*YOUR GOAL*
Nothing but the text should be carried over: reproduce all the data exactly and leave out every image.

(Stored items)
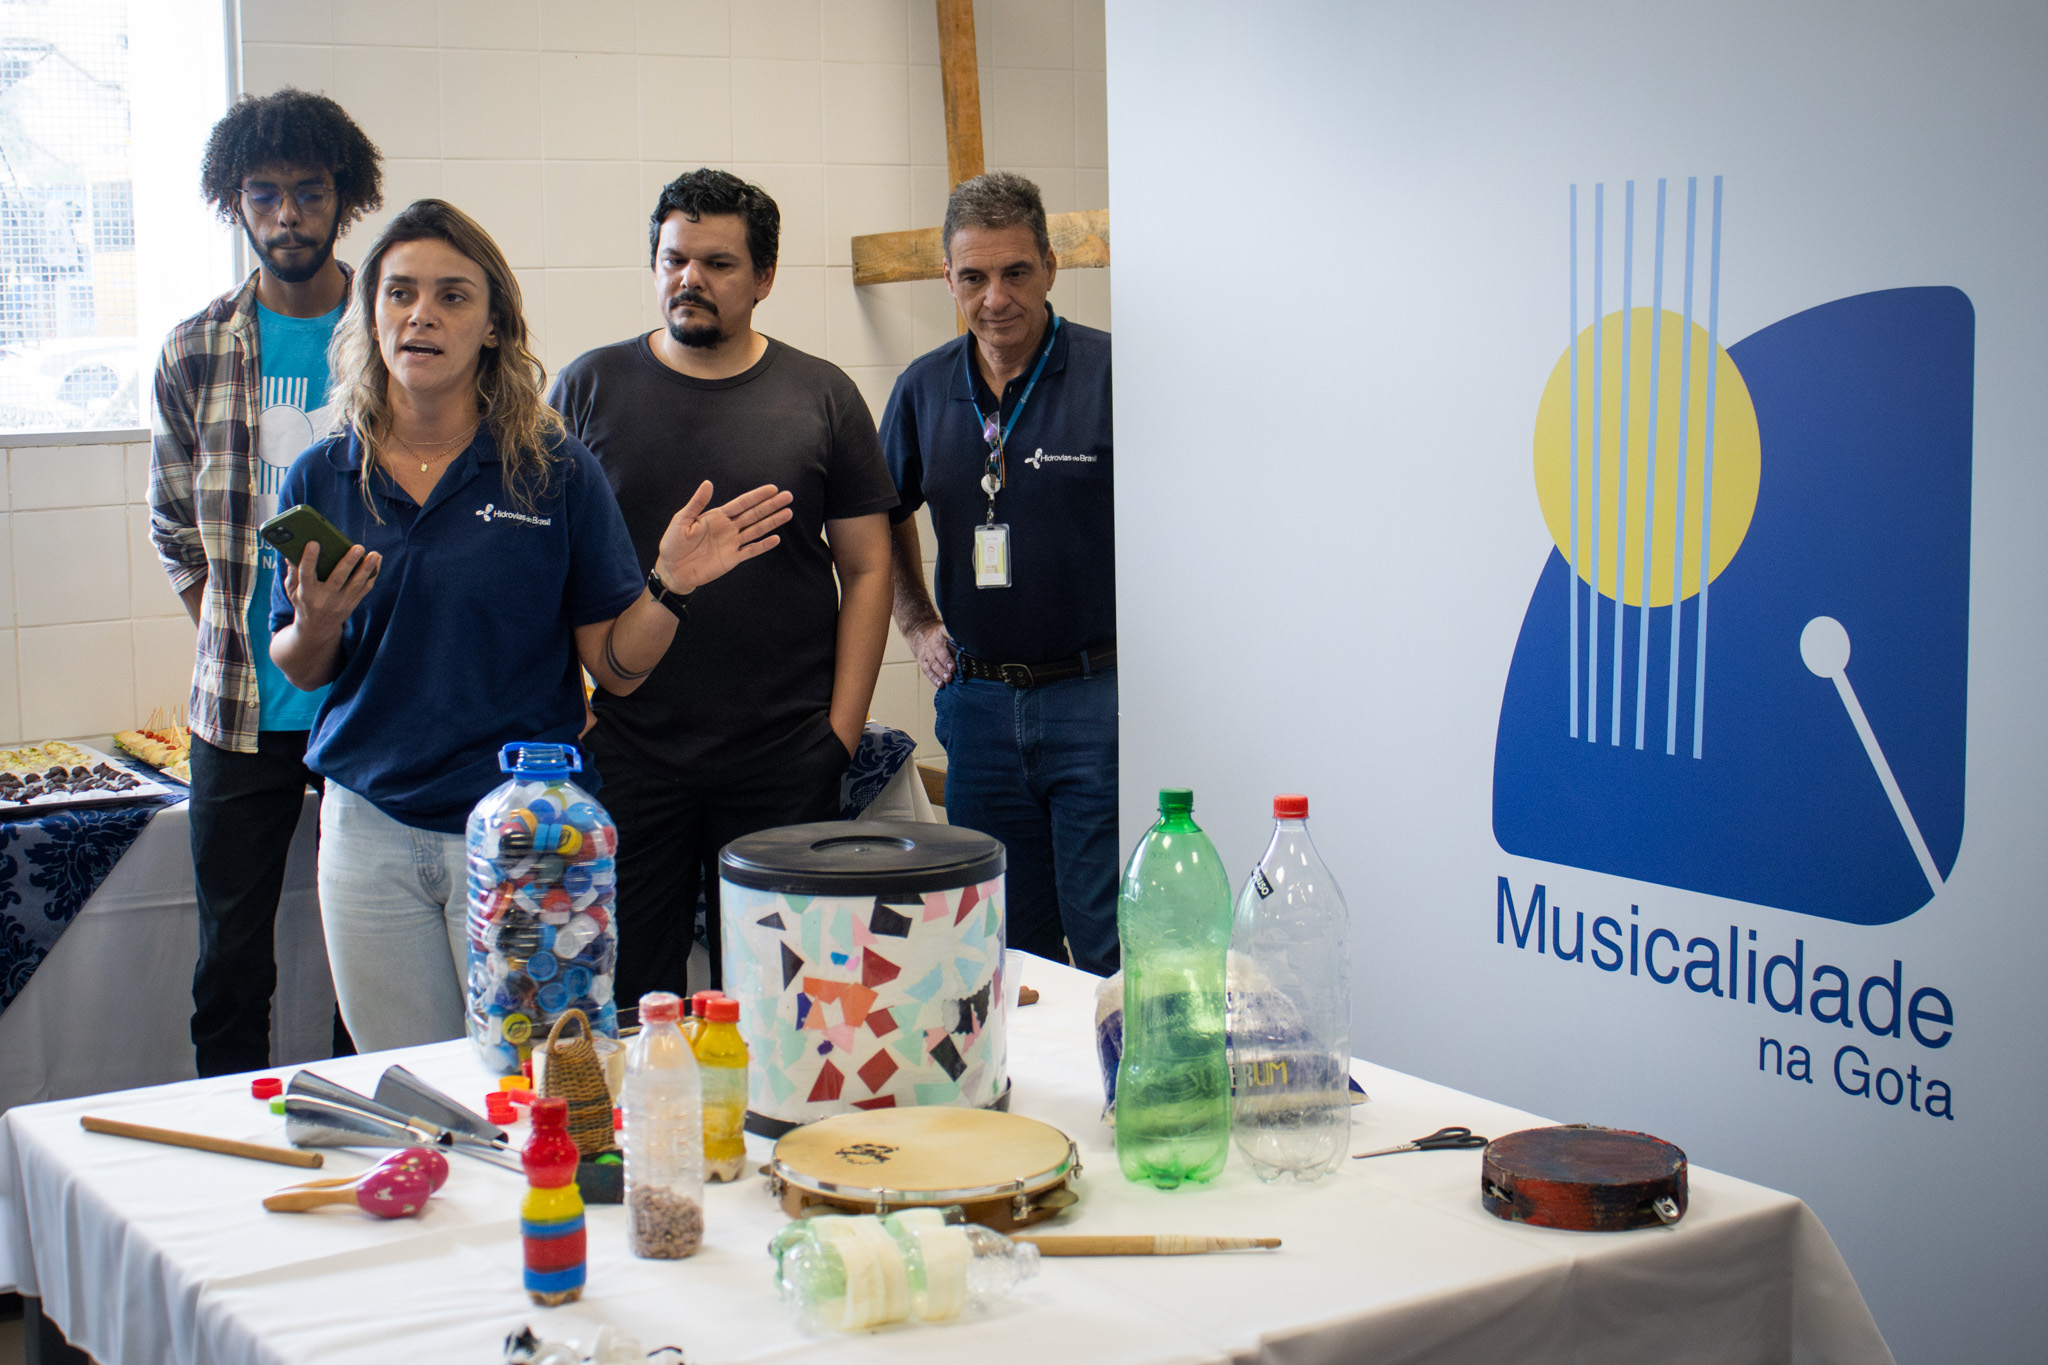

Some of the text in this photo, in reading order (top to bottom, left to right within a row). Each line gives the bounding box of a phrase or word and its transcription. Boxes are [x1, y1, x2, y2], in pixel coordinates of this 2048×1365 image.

[1040, 453, 1072, 462] Hidrovias
[493, 510, 526, 521] Hidrovias
[532, 516, 551, 526] Brasil
[1496, 875, 1955, 1049] Musicalidade
[1758, 1036, 1955, 1121] na Gota
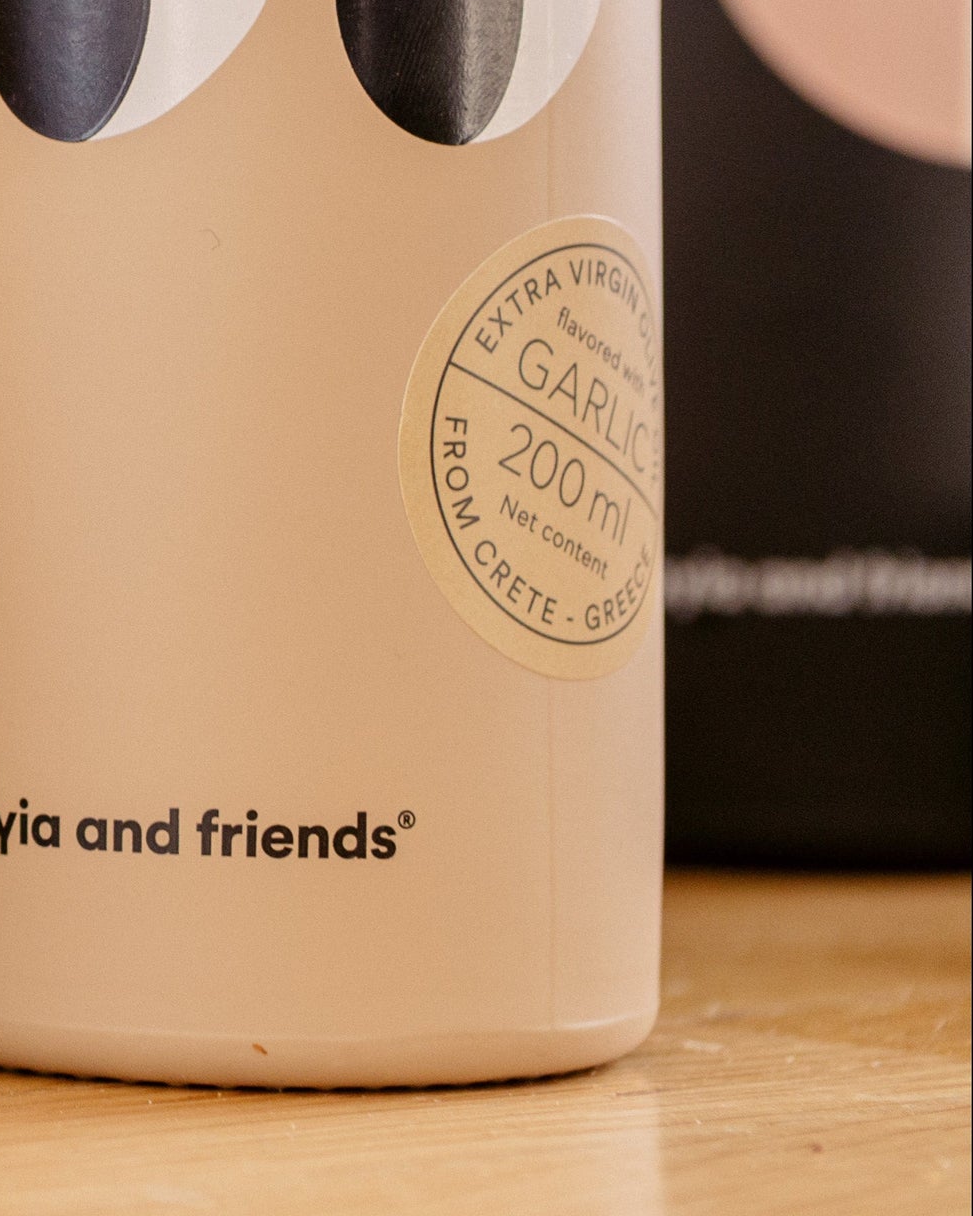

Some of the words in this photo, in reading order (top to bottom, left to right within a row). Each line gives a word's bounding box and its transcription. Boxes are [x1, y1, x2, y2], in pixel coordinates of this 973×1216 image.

*ANSWER BELOW*
Some of the text in this photo, in reading order (top to bottom, left to right within a row). Each line gives the bounding box of a phrase or word and its transcription. Boxes are [x1, y1, x2, y2], in pixel coordinates of this 2048×1365 image.

[1040, 453, 1072, 462] Hidrovias
[493, 510, 526, 521] Hidrovias
[532, 516, 551, 526] Brasil
[1496, 875, 1955, 1049] Musicalidade
[1758, 1036, 1955, 1121] na Gota

Some of the words in this photo, in reading order (top to bottom, left to right within a row). Each line gives a word's bounding box and its transcription. Boxes are [x1, y1, x2, y2], in pixel coordinates of this 973×1216 image.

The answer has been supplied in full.